Stressed out? In search of your center? Mindful breathing is a great tool to settle the mind and emotions. Specifically, alternate nostril breathing is the practice I find most helpful for calming my nerves and reversing stress.

When I’m feeling scattered and find myself doing too many things at once, or as soon as I sense panic or anxiety begin to rise, I move through a few rounds of alternate nostril breathing, or Nadi Shodhana. It’s a great way to quickly restore balance and bring yourself back into alignment, acting like a reset button for your mental state.

Benefits of Alternate Nostril Breathing

With just a few minutes of alternate nostril breathing, you can sync both sides of the body and brain, restoring balance and ease in the mind, body, and emotions. We have our left side, which is our lunar side, or feminine side. And we have the right side, which is our solar side, or masculine side. Sometimes when we feel frazzled or “all over the place,” it’s because energetically, we are out of alignment. This breath is great for restoring that necessary balance.

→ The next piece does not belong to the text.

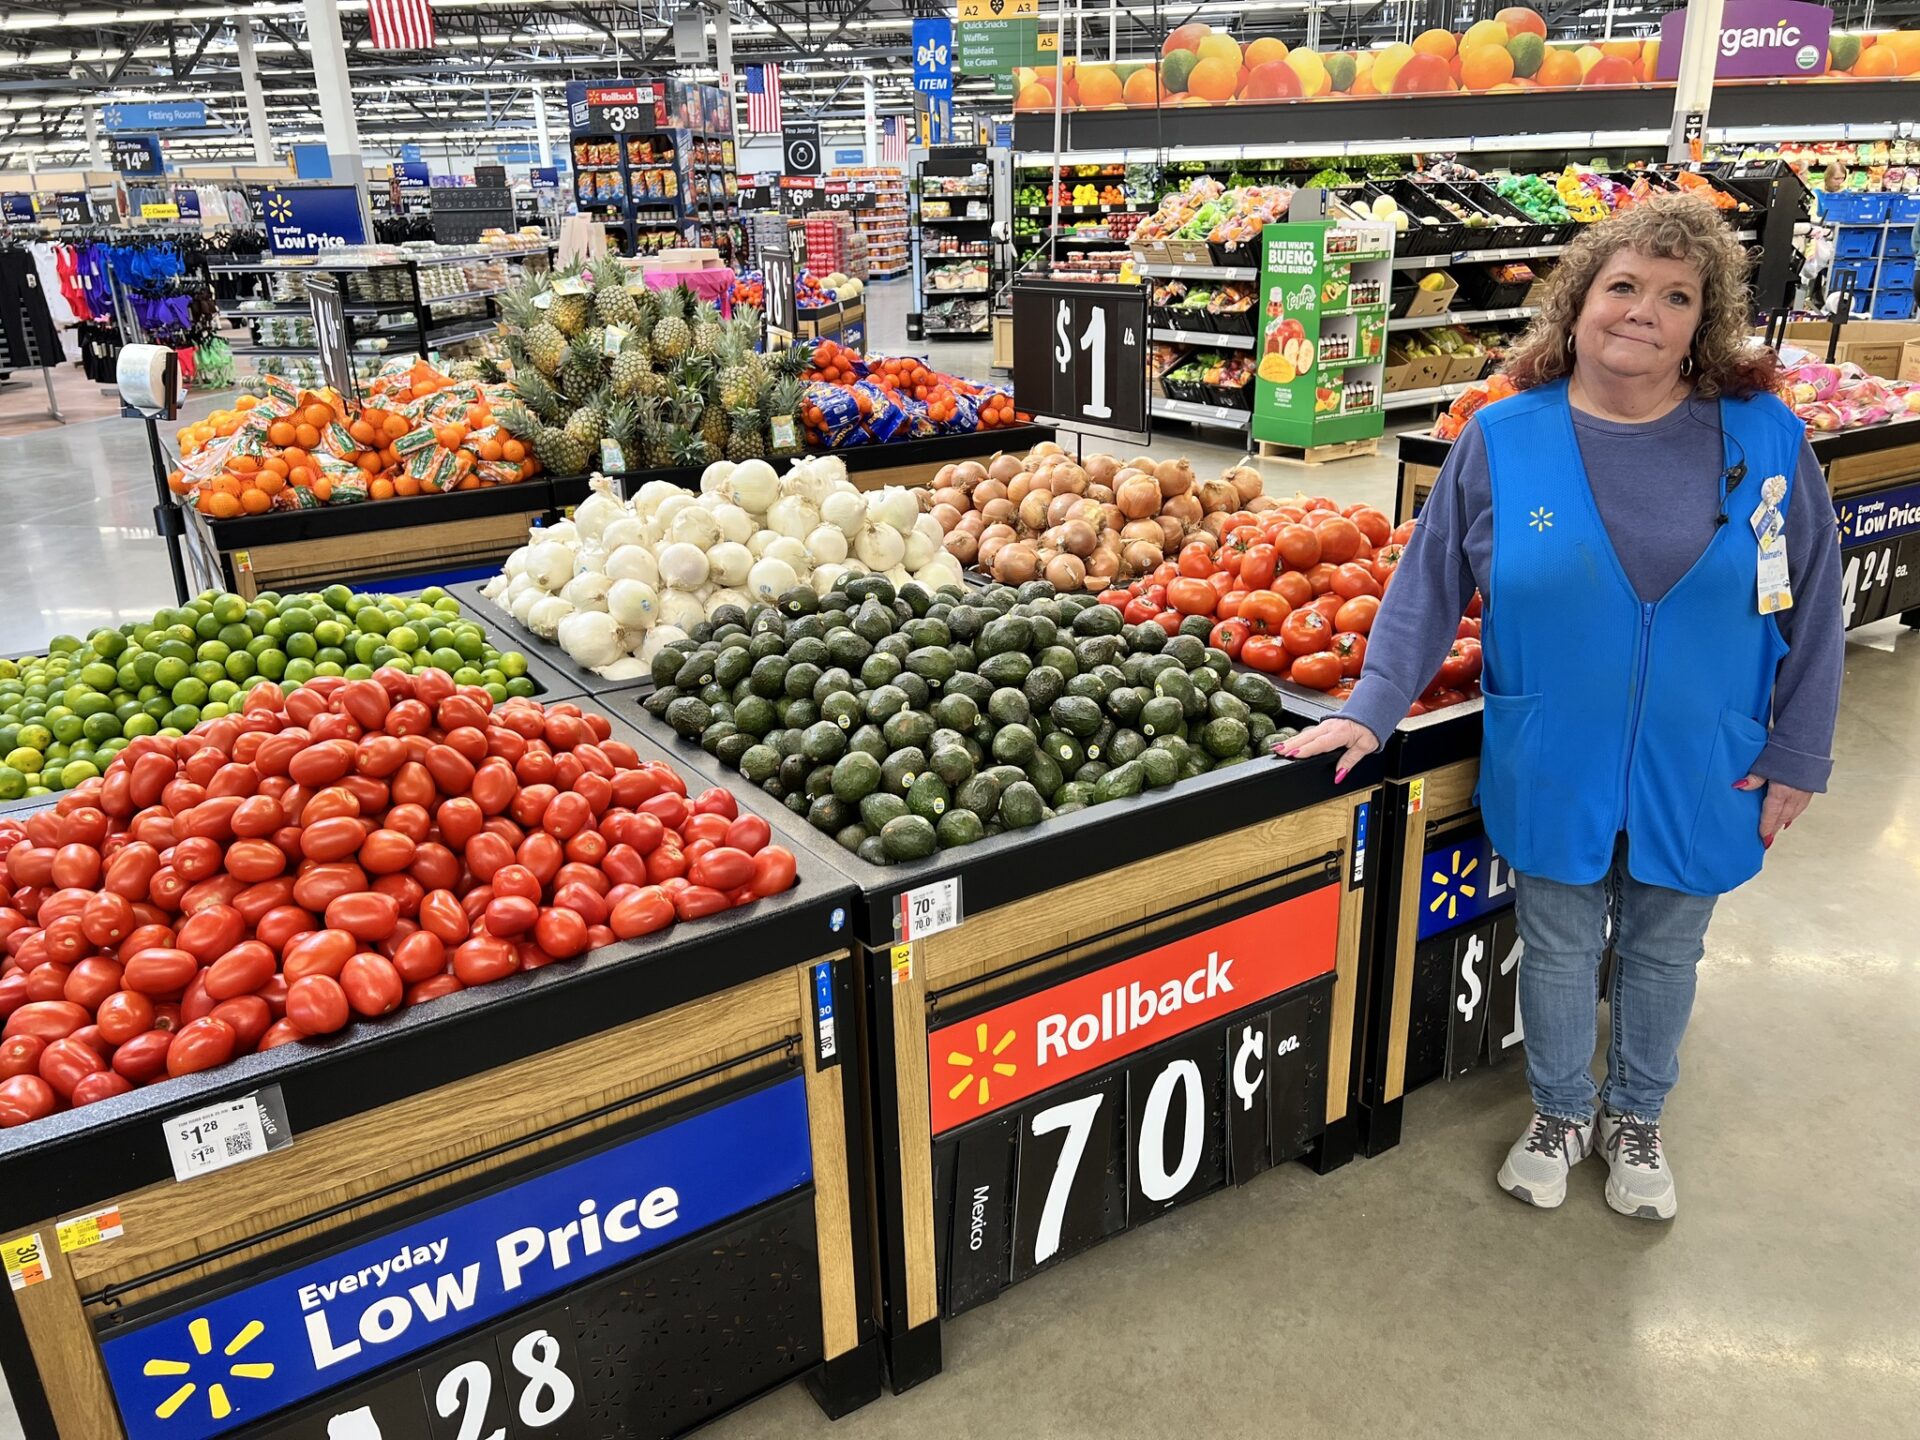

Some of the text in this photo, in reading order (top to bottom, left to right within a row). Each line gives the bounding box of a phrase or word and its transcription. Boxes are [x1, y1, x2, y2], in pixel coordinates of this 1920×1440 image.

In addition to calming the mind and reversing stress, alternate nostril breathing also:

  • Improves our ability to focus the mind
  • Supports our lungs and respiratory functions
  • Restores balance in the left and right hemispheres of the brain, and clears the energetic channels
  • Rejuvenates the nervous system
  • Removes toxins

Simple Practice

Nadi Shodhana is a quick and calming way to bring you back to your center. Take a comfortable and tall seat, making sure your spine is straight and your heart is open.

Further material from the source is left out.